Super microscopes in sight

C&I Issue 6, 2014

In 2014, the UK joined several other major European countries in its commitment to building the European Spallation Source (ESS) in Lund, Sweden. The UK government earmarked £165m for the project. The pulsed neutron source, which is expected to break ground later in 2014, should be up and running by 2030, when it will be the most powerful neutron source in the world and the biggest super microscope.

There are currently over 30 neutron sources around the world, used by researchers to do fundamental research into the structure and properties of materials, as well as the discovery of new particles. William Stirling, director of the Institut Laue-Langevin (ILL) in Grenoble, home to the world’s most powerful reactor, comments that neutrons can also be ‘good for business’.

While industry, in general, tends to use onsite X-ray facilities for its R&D work, Stirling says, ‘Neutrons, along with synchrotron X-rays, are unique experimental probes in that they give information at the atomic (nm or Å) level on the structure and the dynamics of molecules, and provide insight into how materials perform and are affected by processing, ageing and machining, for example.’ Neutrons have the added advantage that they can penetrate deep into samples without damaging them, and can provide information in situ and in operando, he says. While one of the major current uses of neutrons in industry and engineering is to understand the deformations and stresses inside structural materials, big growth areas are in understanding energy storage systems, such as fuel cells and battery technology, and in biological research.

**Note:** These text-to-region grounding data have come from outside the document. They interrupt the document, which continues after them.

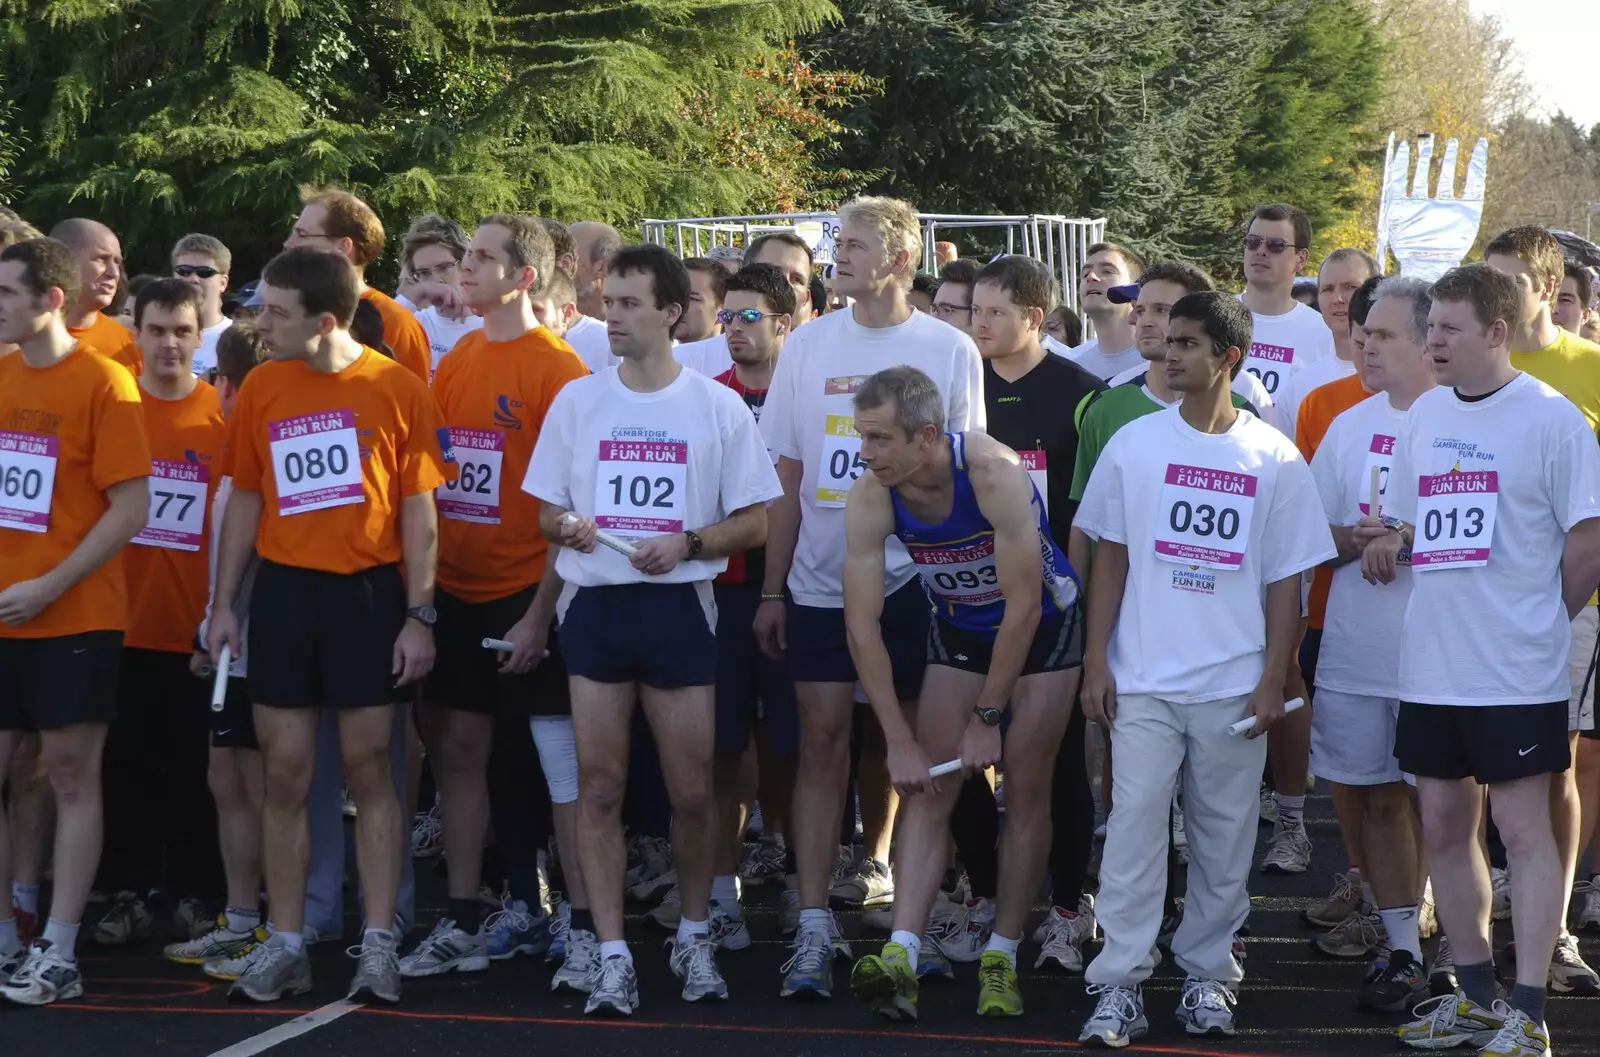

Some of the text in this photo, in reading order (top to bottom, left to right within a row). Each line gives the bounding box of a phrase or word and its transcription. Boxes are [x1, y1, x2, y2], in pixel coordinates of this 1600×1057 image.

[1259, 350, 1285, 361] RUN
[279, 412, 343, 427] CAMBRIDGE
[280, 423, 308, 439] FUN
[312, 418, 344, 433] RUN
[611, 430, 668, 438] CAMBRIDGE
[18, 440, 48, 455] RUN
[450, 435, 496, 449] FUN RUN
[611, 443, 677, 451] CAMBRIDGE
[1432, 441, 1478, 451] CAMBRIDGE
[610, 449, 677, 462] FUN RUN
[1458, 450, 1495, 461] FUN RUN
[284, 444, 350, 484] 080
[169, 468, 199, 481] RUN
[1179, 467, 1246, 483] CAMBRIDGE
[1431, 475, 1488, 484] CAMBRIDGE
[1177, 473, 1245, 494] FUN RUN
[1430, 481, 1487, 495] FUN RUN
[608, 475, 675, 508] 102
[1169, 500, 1240, 541] 030
[1424, 507, 1485, 542] 013
[924, 550, 989, 564] FUN RUN
[1177, 550, 1194, 558] Raise
[1199, 553, 1220, 562] Smile!
[1180, 545, 1208, 554] CHILDREN
[1215, 550, 1231, 558] NEED
[934, 564, 998, 590] 093
[1172, 570, 1216, 582] CAMBRIDGE
[1172, 577, 1215, 591] FUN RUN

The ILL is run by three major partners – France, Germany, and the UK – each responsible for a quarter of the overall budget, with the remaining quarter from various groups of countries mainly within Europe and, more recently, India. Around 2000 users, predominantly from universities in ca 40 countries, visit ILL every year, notching up some 850 experiments. There are 38 different scientific instruments, including state-of-the art spectrophotometers and diffractometers, clustered around a fission reactor. The fuel element in the reactor is a compact core of enriched uranium; the heat generated in the ongoing chain reaction is removed via a cooling system.

Stirling explains that the high energy neutrons produced, moving at speeds around 20,000km/s, are slowed down before they are guided to the scientific instruments via neutron guide tubes. This is done by making them collide with heavy water molecules surrounding the core, resulting in ‘thermal neutrons’ with a speed of 2.2km/s. ‘The ILL’s reactor produces the most intense thermal neutron flux in the world – 1.5 x 1015 neutrons/s/cm2,‘ he says. Three other components located close to the core – a hot source and two cold sources – make it possible to produce hot neutrons (10km/s) as well as cold (700m/s) and ultra-cold (10m/s) neutrons. Scientists thus have access to a wide spectrum of neutron energies, from µeV to eV, and wavelengths of 30nm (300Å) 0.03nm (0.3Å).

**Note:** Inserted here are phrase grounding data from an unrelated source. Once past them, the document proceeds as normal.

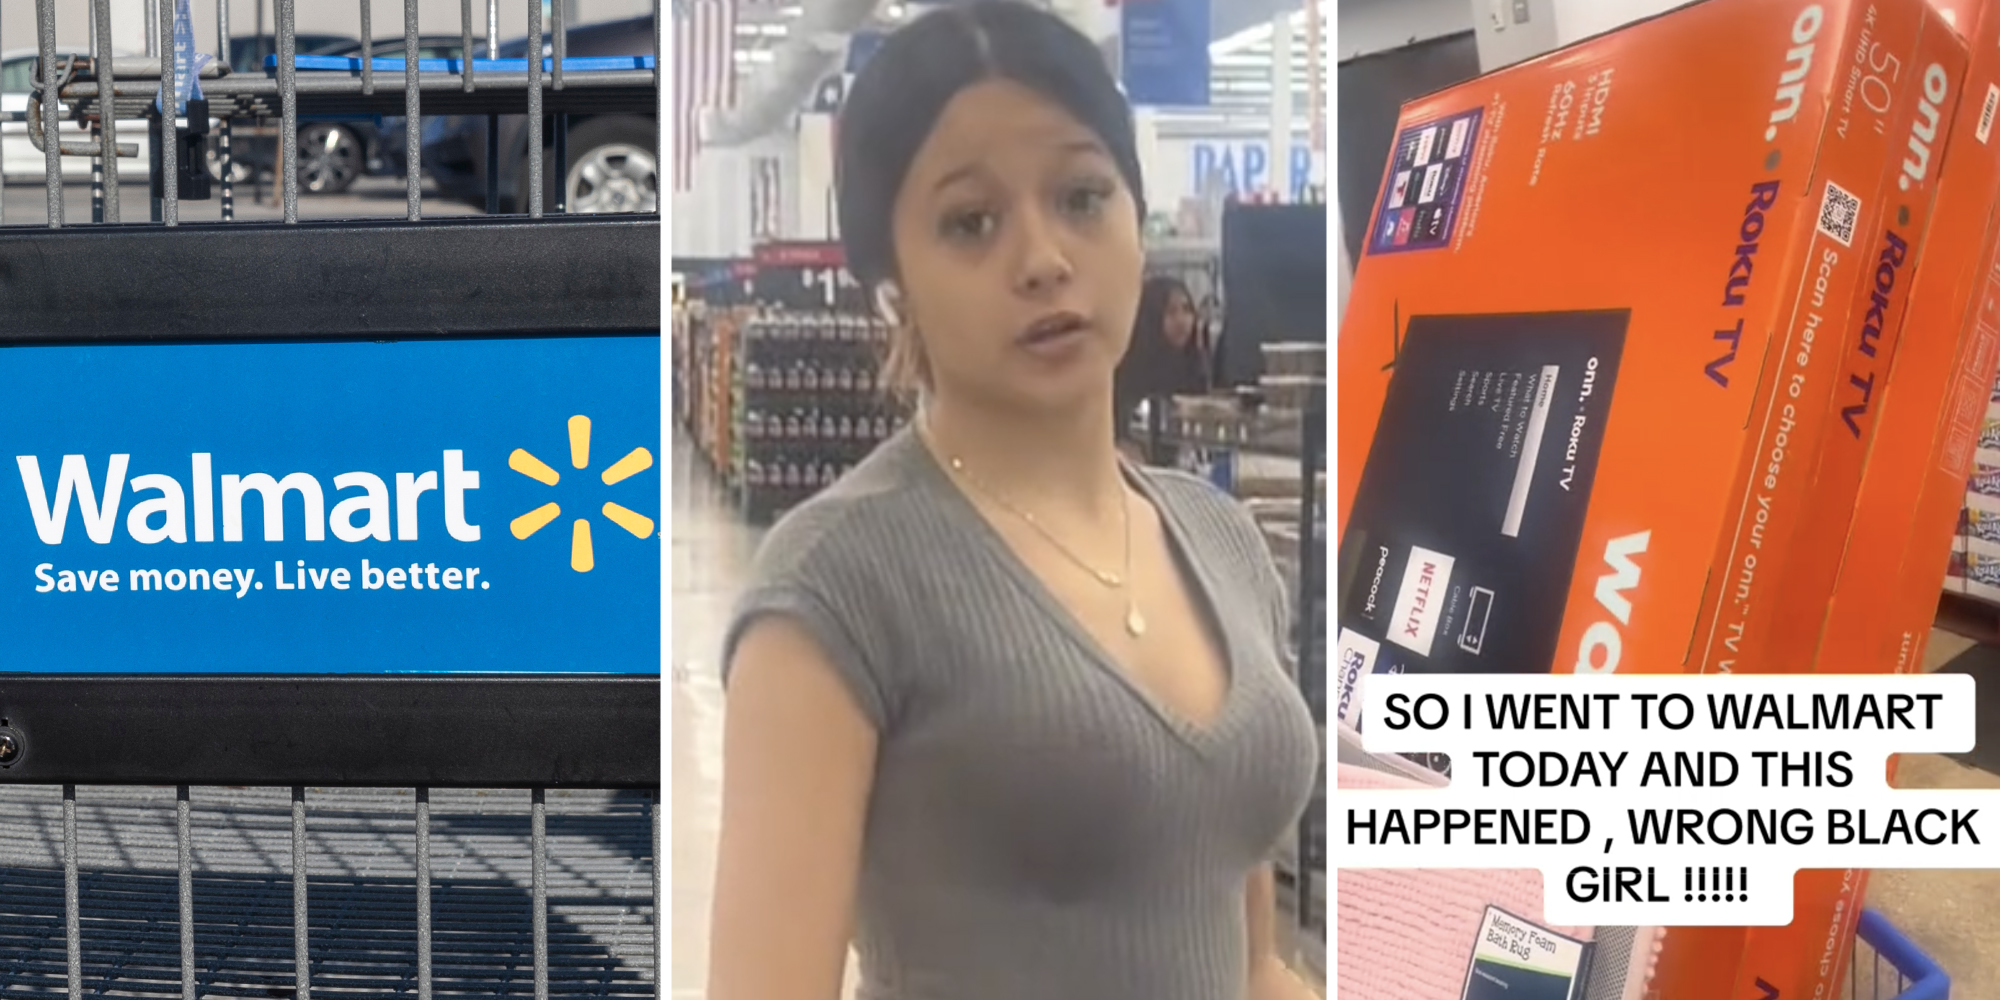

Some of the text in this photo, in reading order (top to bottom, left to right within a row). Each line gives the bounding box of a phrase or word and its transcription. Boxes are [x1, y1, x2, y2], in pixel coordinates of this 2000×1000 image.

[1764, 4, 1823, 142] onn.
[1855, 29, 1872, 64] UHD
[1551, 79, 1576, 141] 60Hz
[1585, 67, 1615, 136] HDMI
[1843, 65, 1862, 119] Smart
[1528, 83, 1562, 187] Refresh Rate
[1836, 119, 1850, 139] TV
[1898, 62, 1947, 191] onn.
[1192, 142, 1312, 200] PAPR
[1811, 247, 1838, 308] Scan
[1704, 318, 1744, 389] TV
[1796, 312, 1823, 367] here
[1448, 370, 1466, 412] Settings
[1464, 370, 1480, 407] Search
[1477, 371, 1493, 406] Sports
[1491, 372, 1508, 413] Live TV
[1538, 373, 1552, 408] Home
[1578, 356, 1598, 403] onn.
[1789, 373, 1805, 398] to
[1841, 371, 1875, 440] TV
[1496, 372, 1522, 450] Featured Free
[1509, 373, 1537, 459] What to Watch
[1764, 403, 1796, 490] choose
[16, 449, 481, 545] Walmart
[1559, 465, 1576, 492] TV
[1750, 493, 1772, 550] your
[34, 559, 490, 599] Save money. Live better.
[1364, 545, 1389, 613] peacock
[1404, 561, 1437, 638] NETFLIX
[1442, 585, 1461, 636] Cable Box
[1724, 621, 1745, 653] TV
[1486, 928, 1532, 961] Bath Rug
[1491, 913, 1557, 954] Memory Foam
[1820, 899, 1845, 977] choose

In a typical experiment, neutrons are scattered as they pass through a sample; the angle of scattering is a function of nuclear density. The usefulness of neutrons is due to their energy and the fact they have spin and can penetrate materials without damaging them. ‘Their wavelength, in Å, is comparable to the spacing between atoms in materials, so diffraction studies can give us a lot of information about atomic structures,’ Stirling says.

ILL associate director Charles Simon adds that one of the main reasons for using neutrons is to locate the precise position of atoms, in particular light atoms such as H, O and C, which are not easily visible with X-rays.

This is partly because neutrons interact directly with the nucleus, whereas X-rays interact with the electron cloud surrounding the atom. Neutrons are also sensitive to different isotopes, which can be useful for studying complex proteins, for example. Unlike X-rays and electrons, they are non-invasive and can be used to study delicate biological samples.

Crucially, thermal neutrons can be used for studying the movement of atoms in materials because they have incredibly high resolution, compared with X-rays – of the order of 1m times better, Simon points out. By measuring the motion of an atom relative to others in a material, neutrons add crucial information on mechanisms such as friction, as well as drug interactions in the body. And because neutrons have spin, scientists can explore the magnetic behaviour of materials at the atomic level, important in designing magnetic storage and superconducting materials.

The ILL researchers are hopeful that the building of even more powerful super microscopes means that scientists will one day be able to see even more detail, faster.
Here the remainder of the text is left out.